Please restate the listing below in full, word for word.

□ □ □ □ □ □ □

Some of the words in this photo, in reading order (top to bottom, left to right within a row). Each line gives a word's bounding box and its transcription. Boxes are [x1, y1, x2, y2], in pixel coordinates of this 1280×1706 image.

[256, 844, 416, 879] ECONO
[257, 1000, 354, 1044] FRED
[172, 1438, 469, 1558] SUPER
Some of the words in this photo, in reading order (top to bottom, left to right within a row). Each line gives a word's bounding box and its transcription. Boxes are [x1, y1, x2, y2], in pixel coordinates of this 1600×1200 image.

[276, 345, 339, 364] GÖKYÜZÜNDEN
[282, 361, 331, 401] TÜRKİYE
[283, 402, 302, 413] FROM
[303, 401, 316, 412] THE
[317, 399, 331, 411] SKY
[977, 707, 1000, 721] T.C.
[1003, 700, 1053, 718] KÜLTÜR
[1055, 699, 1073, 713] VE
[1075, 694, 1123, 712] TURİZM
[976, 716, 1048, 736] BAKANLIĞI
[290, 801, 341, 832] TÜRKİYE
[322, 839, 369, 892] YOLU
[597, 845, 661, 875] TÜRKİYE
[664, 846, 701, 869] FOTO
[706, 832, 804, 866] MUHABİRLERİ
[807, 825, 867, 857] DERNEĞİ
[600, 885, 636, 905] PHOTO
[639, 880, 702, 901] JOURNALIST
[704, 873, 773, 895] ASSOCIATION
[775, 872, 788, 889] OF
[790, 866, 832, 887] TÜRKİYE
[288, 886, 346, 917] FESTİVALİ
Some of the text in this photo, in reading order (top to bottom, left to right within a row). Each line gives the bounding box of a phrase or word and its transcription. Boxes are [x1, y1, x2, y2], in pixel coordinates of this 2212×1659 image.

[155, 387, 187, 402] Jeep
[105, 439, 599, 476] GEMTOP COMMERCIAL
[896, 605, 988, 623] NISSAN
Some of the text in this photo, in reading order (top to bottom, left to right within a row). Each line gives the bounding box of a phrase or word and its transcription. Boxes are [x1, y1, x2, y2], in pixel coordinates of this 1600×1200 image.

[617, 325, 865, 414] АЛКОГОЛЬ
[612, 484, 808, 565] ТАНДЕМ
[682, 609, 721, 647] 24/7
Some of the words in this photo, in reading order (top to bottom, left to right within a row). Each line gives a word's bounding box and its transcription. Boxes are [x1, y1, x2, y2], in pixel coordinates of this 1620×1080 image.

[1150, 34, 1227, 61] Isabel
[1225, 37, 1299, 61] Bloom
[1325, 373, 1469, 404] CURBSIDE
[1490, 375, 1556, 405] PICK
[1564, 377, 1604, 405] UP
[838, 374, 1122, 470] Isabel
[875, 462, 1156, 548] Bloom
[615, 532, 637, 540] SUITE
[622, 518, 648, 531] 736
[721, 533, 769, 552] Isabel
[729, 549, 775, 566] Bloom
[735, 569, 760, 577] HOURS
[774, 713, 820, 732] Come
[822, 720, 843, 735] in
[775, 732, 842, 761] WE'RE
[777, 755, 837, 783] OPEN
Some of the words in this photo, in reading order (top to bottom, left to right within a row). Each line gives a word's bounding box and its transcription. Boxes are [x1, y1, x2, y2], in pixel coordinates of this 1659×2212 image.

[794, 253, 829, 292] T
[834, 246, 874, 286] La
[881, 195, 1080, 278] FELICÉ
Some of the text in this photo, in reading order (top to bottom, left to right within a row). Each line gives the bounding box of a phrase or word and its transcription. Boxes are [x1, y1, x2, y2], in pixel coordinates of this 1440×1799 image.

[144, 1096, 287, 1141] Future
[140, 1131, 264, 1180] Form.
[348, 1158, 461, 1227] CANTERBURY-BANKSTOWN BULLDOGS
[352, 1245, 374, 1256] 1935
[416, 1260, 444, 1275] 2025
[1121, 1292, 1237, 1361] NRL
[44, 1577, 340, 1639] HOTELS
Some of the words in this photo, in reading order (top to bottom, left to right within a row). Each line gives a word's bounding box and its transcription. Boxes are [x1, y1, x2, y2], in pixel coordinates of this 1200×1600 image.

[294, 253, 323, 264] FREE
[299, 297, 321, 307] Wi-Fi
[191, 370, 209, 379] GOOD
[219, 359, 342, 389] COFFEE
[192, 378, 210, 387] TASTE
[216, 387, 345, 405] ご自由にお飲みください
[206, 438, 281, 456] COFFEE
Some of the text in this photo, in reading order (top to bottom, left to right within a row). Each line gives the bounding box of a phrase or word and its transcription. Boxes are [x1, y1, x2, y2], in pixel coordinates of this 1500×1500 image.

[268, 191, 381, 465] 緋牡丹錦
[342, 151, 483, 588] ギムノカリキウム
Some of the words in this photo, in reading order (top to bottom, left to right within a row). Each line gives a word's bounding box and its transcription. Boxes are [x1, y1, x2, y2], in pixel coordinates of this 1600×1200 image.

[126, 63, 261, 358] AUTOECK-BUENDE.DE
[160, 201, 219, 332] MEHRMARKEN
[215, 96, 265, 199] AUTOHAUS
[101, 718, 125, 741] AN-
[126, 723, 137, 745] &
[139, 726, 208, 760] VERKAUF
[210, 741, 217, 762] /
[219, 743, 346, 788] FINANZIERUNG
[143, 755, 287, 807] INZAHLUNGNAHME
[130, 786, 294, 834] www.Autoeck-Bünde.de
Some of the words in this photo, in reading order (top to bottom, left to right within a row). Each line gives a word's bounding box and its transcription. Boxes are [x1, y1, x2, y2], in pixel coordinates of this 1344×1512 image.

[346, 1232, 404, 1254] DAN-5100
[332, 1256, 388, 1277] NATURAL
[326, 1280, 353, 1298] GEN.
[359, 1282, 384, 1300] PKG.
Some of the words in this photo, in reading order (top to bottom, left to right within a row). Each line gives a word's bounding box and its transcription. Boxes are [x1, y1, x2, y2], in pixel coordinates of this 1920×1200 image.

□ □ □ □ □ □ □

Task response:
Some of the words in this photo, in reading order (top to bottom, left to right within a row). Each line gives a word's bounding box and its transcription. Boxes are [x1, y1, x2, y2], in pixel coordinates of this 1280×1706 image.

[256, 844, 416, 879] ECONO
[257, 1000, 354, 1044] FRED
[172, 1438, 469, 1558] SUPER
Some of the words in this photo, in reading order (top to bottom, left to right within a row). Each line gives a word's bounding box and its transcription. Boxes are [x1, y1, x2, y2], in pixel coordinates of this 1600×1200 image.

[276, 345, 339, 364] GÖKYÜZÜNDEN
[282, 361, 331, 401] TÜRKİYE
[283, 402, 302, 413] FROM
[303, 401, 316, 412] THE
[317, 399, 331, 411] SKY
[977, 707, 1000, 721] T.C.
[1003, 700, 1053, 718] KÜLTÜR
[1055, 699, 1073, 713] VE
[1075, 694, 1123, 712] TURİZM
[976, 716, 1048, 736] BAKANLIĞI
[290, 801, 341, 832] TÜRKİYE
[322, 839, 369, 892] YOLU
[597, 845, 661, 875] TÜRKİYE
[664, 846, 701, 869] FOTO
[706, 832, 804, 866] MUHABİRLERİ
[807, 825, 867, 857] DERNEĞİ
[600, 885, 636, 905] PHOTO
[639, 880, 702, 901] JOURNALIST
[704, 873, 773, 895] ASSOCIATION
[775, 872, 788, 889] OF
[790, 866, 832, 887] TÜRKİYE
[288, 886, 346, 917] FESTİVALİ
Some of the text in this photo, in reading order (top to bottom, left to right within a row). Each line gives the bounding box of a phrase or word and its transcription. Boxes are [x1, y1, x2, y2], in pixel coordinates of this 2212×1659 image.

[155, 387, 187, 402] Jeep
[105, 439, 599, 476] GEMTOP COMMERCIAL
[896, 605, 988, 623] NISSAN
Some of the text in this photo, in reading order (top to bottom, left to right within a row). Each line gives the bounding box of a phrase or word and its transcription. Boxes are [x1, y1, x2, y2], in pixel coordinates of this 1600×1200 image.

[617, 325, 865, 414] АЛКОГОЛЬ
[612, 484, 808, 565] ТАНДЕМ
[682, 609, 721, 647] 24/7
Some of the words in this photo, in reading order (top to bottom, left to right within a row). Each line gives a word's bounding box and its transcription. Boxes are [x1, y1, x2, y2], in pixel coordinates of this 1620×1080 image.

[1150, 34, 1227, 61] Isabel
[1225, 37, 1299, 61] Bloom
[1325, 373, 1469, 404] CURBSIDE
[1490, 375, 1556, 405] PICK
[1564, 377, 1604, 405] UP
[838, 374, 1122, 470] Isabel
[875, 462, 1156, 548] Bloom
[615, 532, 637, 540] SUITE
[622, 518, 648, 531] 736
[721, 533, 769, 552] Isabel
[729, 549, 775, 566] Bloom
[735, 569, 760, 577] HOURS
[774, 713, 820, 732] Come
[822, 720, 843, 735] in
[775, 732, 842, 761] WE'RE
[777, 755, 837, 783] OPEN
Some of the words in this photo, in reading order (top to bottom, left to right within a row). Each line gives a word's bounding box and its transcription. Boxes are [x1, y1, x2, y2], in pixel coordinates of this 1659×2212 image.

[794, 253, 829, 292] T
[834, 246, 874, 286] La
[881, 195, 1080, 278] FELICÉ
Some of the text in this photo, in reading order (top to bottom, left to right within a row). Each line gives the bounding box of a phrase or word and its transcription. Boxes are [x1, y1, x2, y2], in pixel coordinates of this 1440×1799 image.

[144, 1096, 287, 1141] Future
[140, 1131, 264, 1180] Form.
[348, 1158, 461, 1227] CANTERBURY-BANKSTOWN BULLDOGS
[352, 1245, 374, 1256] 1935
[416, 1260, 444, 1275] 2025
[1121, 1292, 1237, 1361] NRL
[44, 1577, 340, 1639] HOTELS
Some of the words in this photo, in reading order (top to bottom, left to right within a row). Each line gives a word's bounding box and its transcription. Boxes are [x1, y1, x2, y2], in pixel coordinates of this 1200×1600 image.

[294, 253, 323, 264] FREE
[299, 297, 321, 307] Wi-Fi
[191, 370, 209, 379] GOOD
[219, 359, 342, 389] COFFEE
[192, 378, 210, 387] TASTE
[216, 387, 345, 405] ご自由にお飲みください
[206, 438, 281, 456] COFFEE
Some of the text in this photo, in reading order (top to bottom, left to right within a row). Each line gives the bounding box of a phrase or word and its transcription. Boxes are [x1, y1, x2, y2], in pixel coordinates of this 1500×1500 image.

[268, 191, 381, 465] 緋牡丹錦
[342, 151, 483, 588] ギムノカリキウム
Some of the words in this photo, in reading order (top to bottom, left to right within a row). Each line gives a word's bounding box and its transcription. Boxes are [x1, y1, x2, y2], in pixel coordinates of this 1600×1200 image.

[126, 63, 261, 358] AUTOECK-BUENDE.DE
[160, 201, 219, 332] MEHRMARKEN
[215, 96, 265, 199] AUTOHAUS
[101, 718, 125, 741] AN-
[126, 723, 137, 745] &
[139, 726, 208, 760] VERKAUF
[210, 741, 217, 762] /
[219, 743, 346, 788] FINANZIERUNG
[143, 755, 287, 807] INZAHLUNGNAHME
[130, 786, 294, 834] www.Autoeck-Bünde.de
Some of the words in this photo, in reading order (top to bottom, left to right within a row). Each line gives a word's bounding box and its transcription. Boxes are [x1, y1, x2, y2], in pixel coordinates of this 1344×1512 image.

[346, 1232, 404, 1254] DAN-5100
[332, 1256, 388, 1277] NATURAL
[326, 1280, 353, 1298] GEN.
[359, 1282, 384, 1300] PKG.
Some of the words in this photo, in reading order (top to bottom, left to right within a row). Each line gives a word's bounding box and its transcription. Boxes are [x1, y1, x2, y2], in pixel coordinates of this 1920×1200 image.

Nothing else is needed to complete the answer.